This is the sort of thing beloved by every Norseman with any poetry in his soul. Boyesen used to dwell on such sights over and over with the tireless affection of a lover: ___
“The fjord looked as if it wanted to speak, but was too happy to find expression, therefore it remained silent ; but it gazed at the wanderers, with those strange, speaking, though speechless, eyes, which no one ever forgets who has once penetrated to the heart of Norway.
Or, again, such a sight as this may typify some tragic experience of the soul, as it does in Bjornson’s Laboremus:
“The ocean yearns for the landrestlessness surrounding that which is stable. Remember that the ocean reflects also the sky. . . . With what melancholy must not the ocean look into eternity ! What a yearning ! The land it can-not move. The sky it cannot reach.”
These marvelous reflections suggest positively dizzy depths below, and, for aught we know, they really may not be so far wrong. It is claimed on good authority that in some places along the Sognefjord the water actually is from 2,000 to 4,000 feet deep !
The sea is not always like this. As one might expect among such mountains, sudden winds often start, and not infrequently turn into a squall dangerous for anyone not perfectly familiar with boats. Vessels the size of the excursion steamers are always safe, for their voyages are by daylight, and every rod of the way is personally known to the pilots.

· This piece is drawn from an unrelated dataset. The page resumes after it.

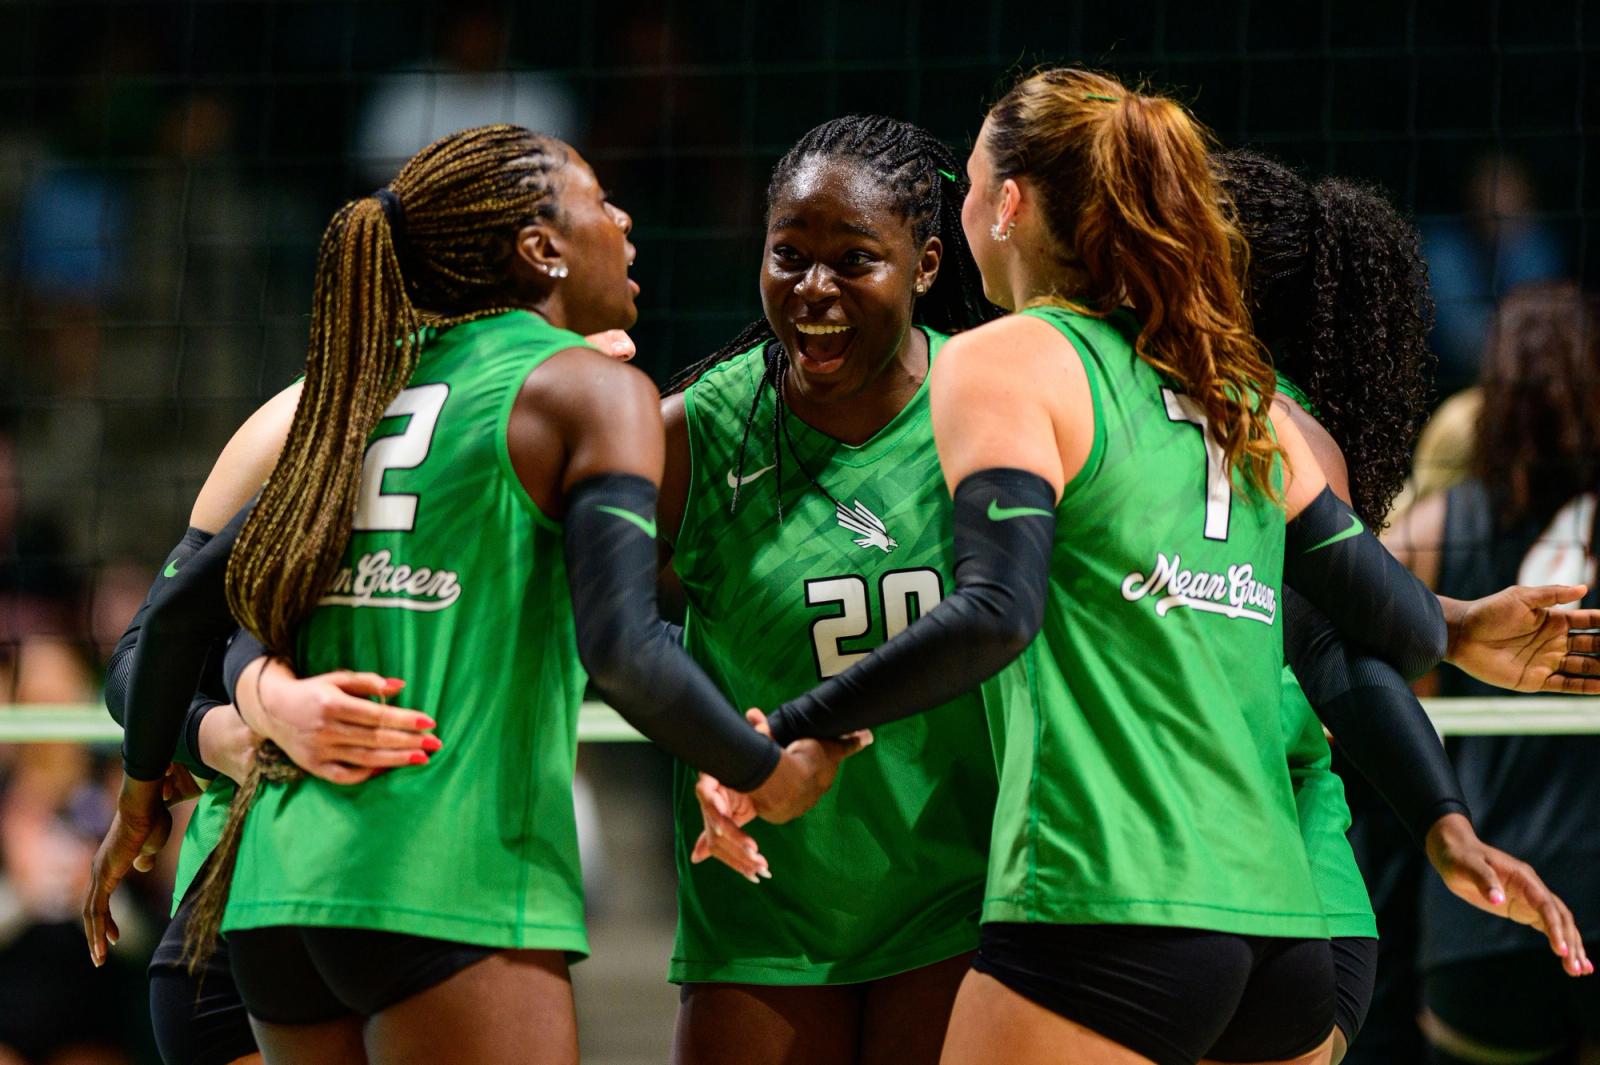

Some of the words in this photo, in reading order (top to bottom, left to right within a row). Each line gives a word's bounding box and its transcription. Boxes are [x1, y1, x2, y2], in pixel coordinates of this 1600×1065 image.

The shores of the Sognefjord have many times served as the setting for Norwegian tales and romances. Farther up towards the eastern limits of the great branching inlet, Bjornson located the events of Magnhild. Our own route, as we find it traced on the map, turns northwestward after we get fully out into the main body of the fjord, and our next position is on the shore of another arm or vik of the main fjord.. (See No. 62 on Map 7.)